Task statement - Repeat exactly every line that comes at or after the line containing "this 1288×966 image.", through the end of the entries below.

Dataset items:
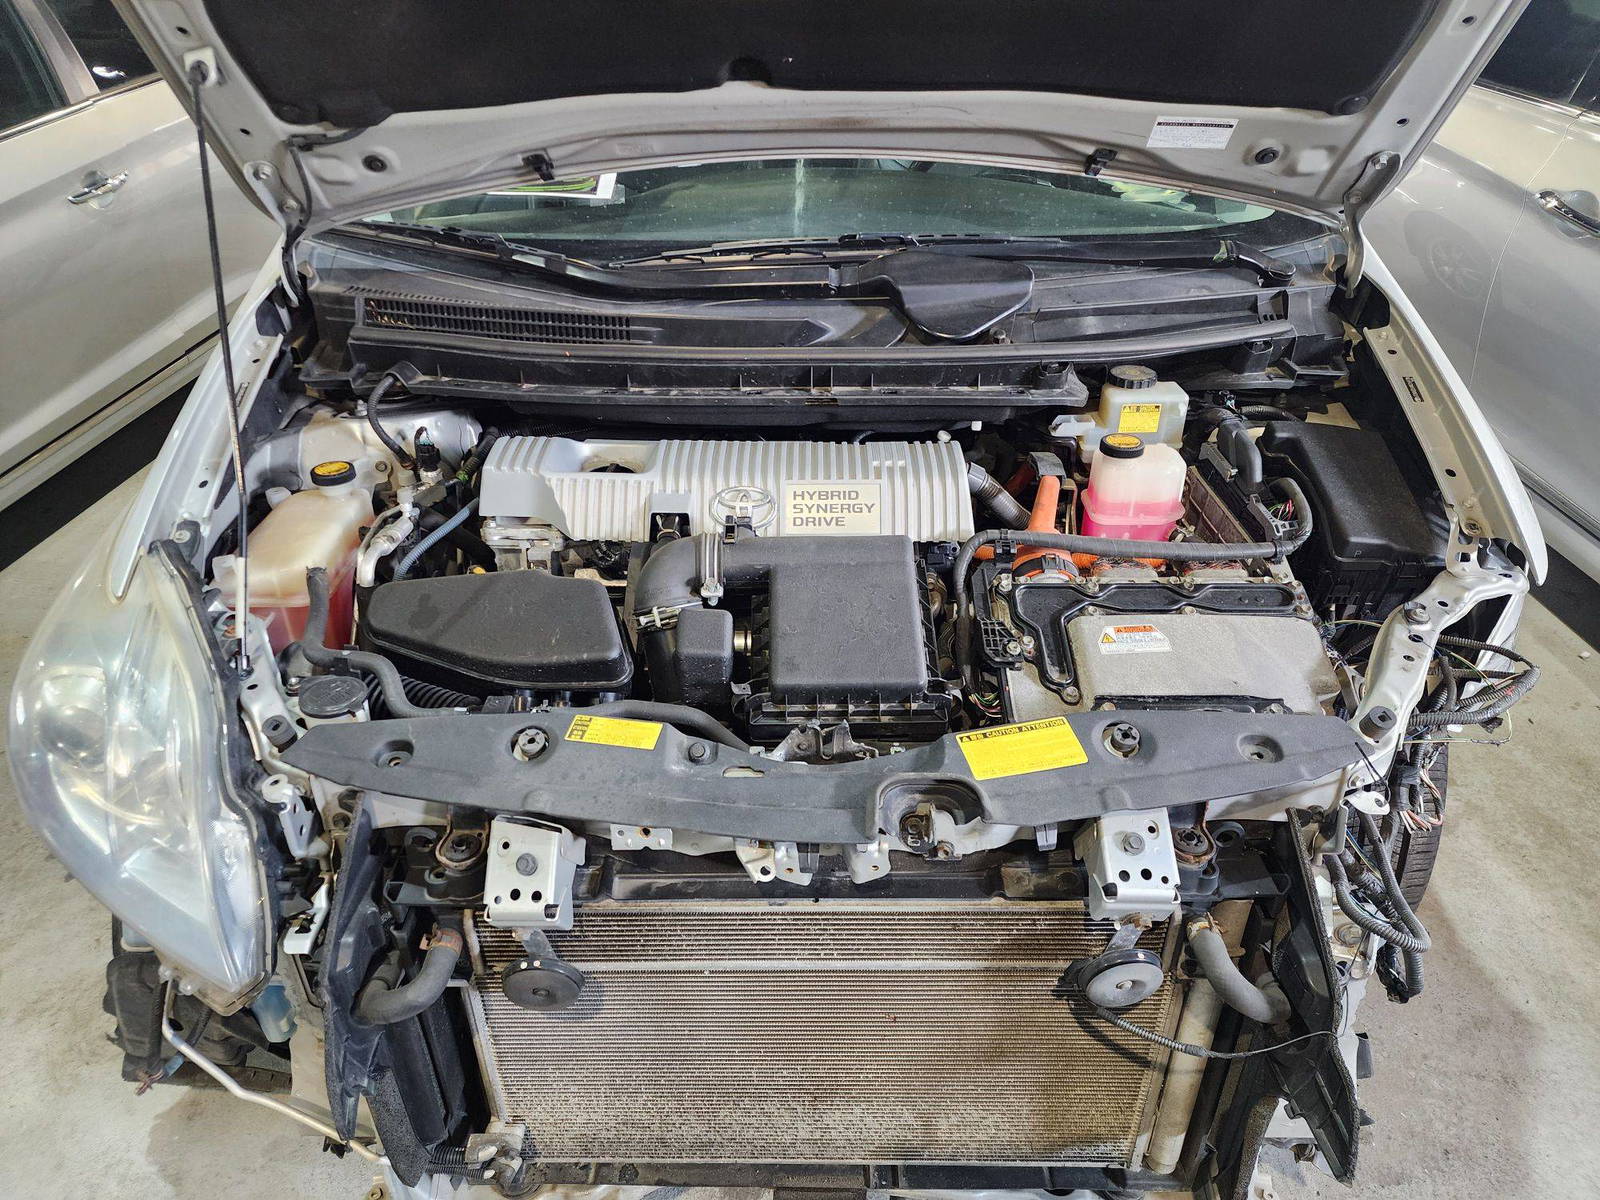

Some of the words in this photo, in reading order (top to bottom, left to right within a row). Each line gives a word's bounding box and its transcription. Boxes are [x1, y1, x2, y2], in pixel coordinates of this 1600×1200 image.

[793, 490, 859, 501] HYBRID
[793, 503, 875, 514] SYNERGY
[793, 516, 846, 527] DRIVE
[986, 727, 1019, 737] CAUTION
[1021, 719, 1065, 731] ATTENTION
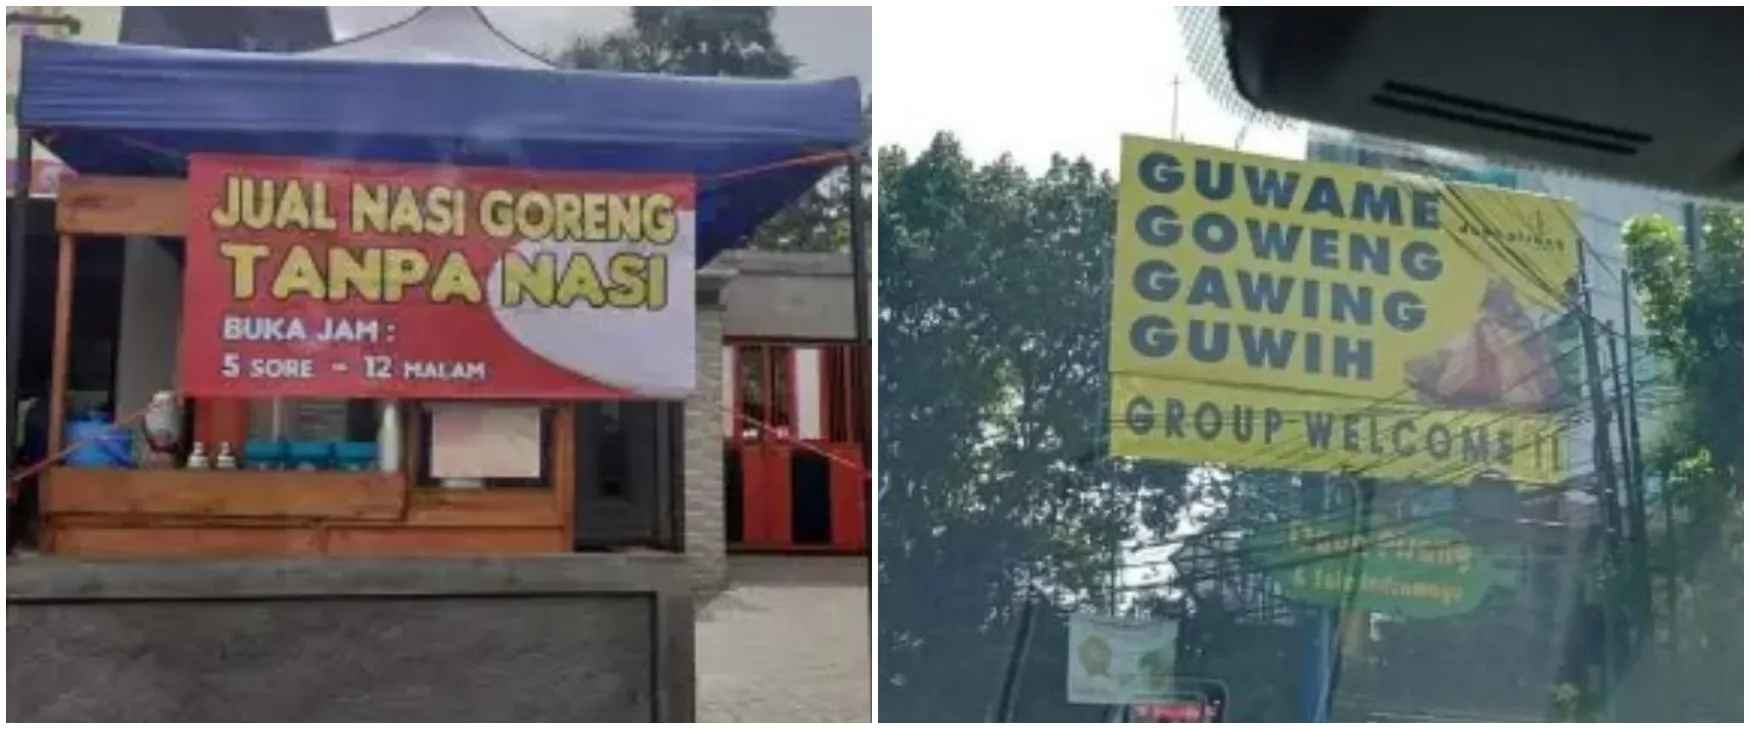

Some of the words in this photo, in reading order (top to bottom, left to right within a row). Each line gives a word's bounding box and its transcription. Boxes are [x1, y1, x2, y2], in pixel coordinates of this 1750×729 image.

[211, 176, 336, 230] JUAL
[352, 183, 466, 235] NASI
[480, 190, 676, 243] GORENG
[1138, 153, 1442, 229] GUWAME
[221, 244, 482, 303] TANPA
[502, 251, 668, 309] NASI
[1135, 205, 1444, 281] GOWENG
[223, 316, 307, 341] BUKA
[317, 319, 378, 343] JAM
[1132, 260, 1427, 332] GAWING
[222, 353, 241, 377] 5
[250, 358, 315, 378] SORE
[363, 356, 392, 377] 12
[404, 361, 486, 380] MALAM
[1129, 314, 1374, 381] GUWIH
[1125, 395, 1284, 445] GROUP
[1305, 411, 1513, 466] WELCOME
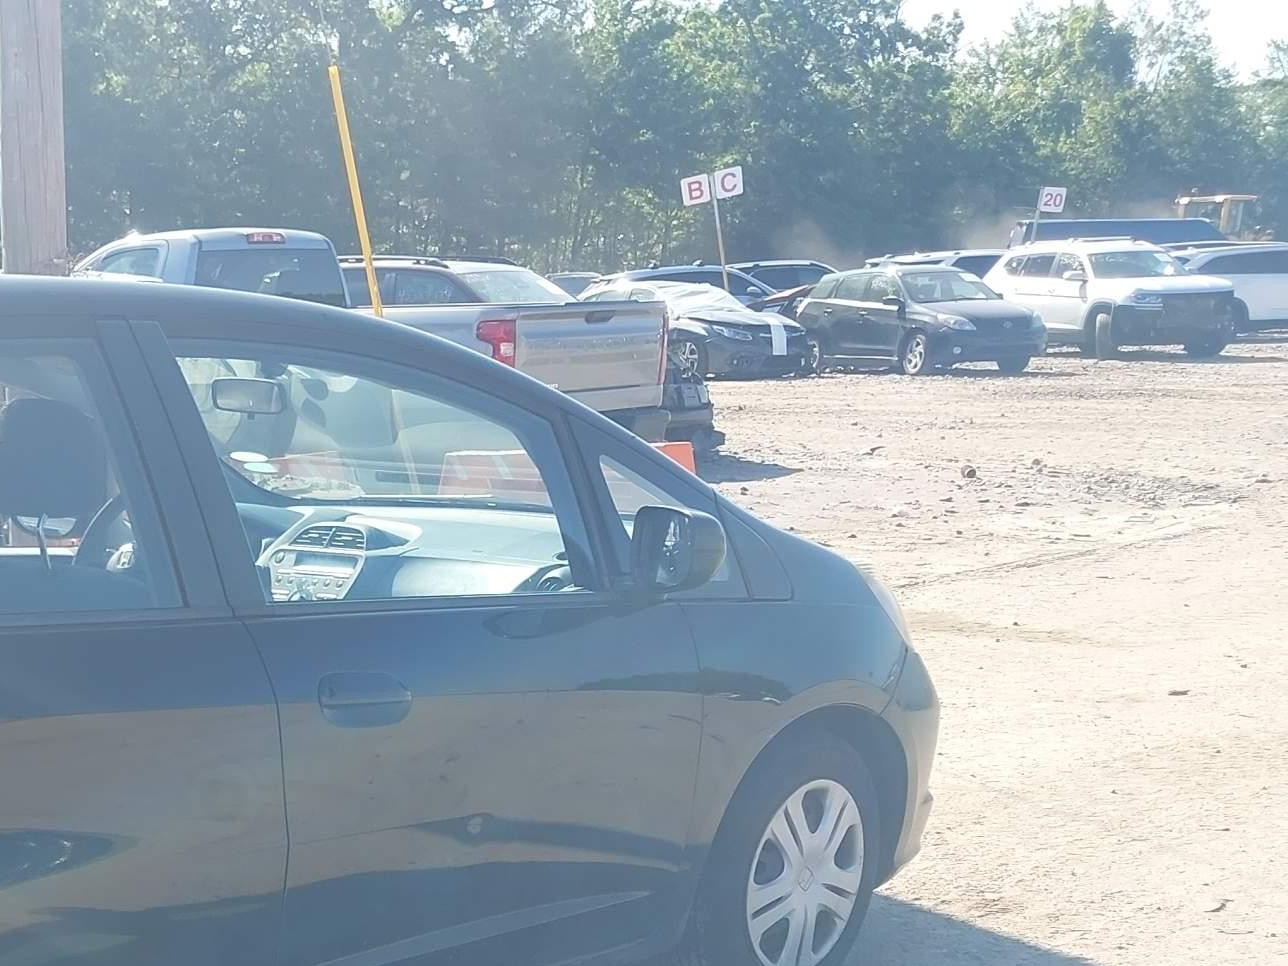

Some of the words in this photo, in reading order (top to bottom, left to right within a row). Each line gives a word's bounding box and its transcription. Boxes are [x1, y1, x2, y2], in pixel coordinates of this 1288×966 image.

[688, 181, 704, 200] B
[721, 173, 737, 192] C
[1043, 193, 1063, 207] 20

Answer to this task -
Some of the words in this photo, in reading order (top to bottom, left to right within a row). Each line gives a word's bounding box and its transcription. Boxes are [x1, y1, x2, y2], in pixel coordinates of this 1288×966 image.

[688, 181, 704, 200] B
[721, 173, 737, 192] C
[1043, 193, 1063, 207] 20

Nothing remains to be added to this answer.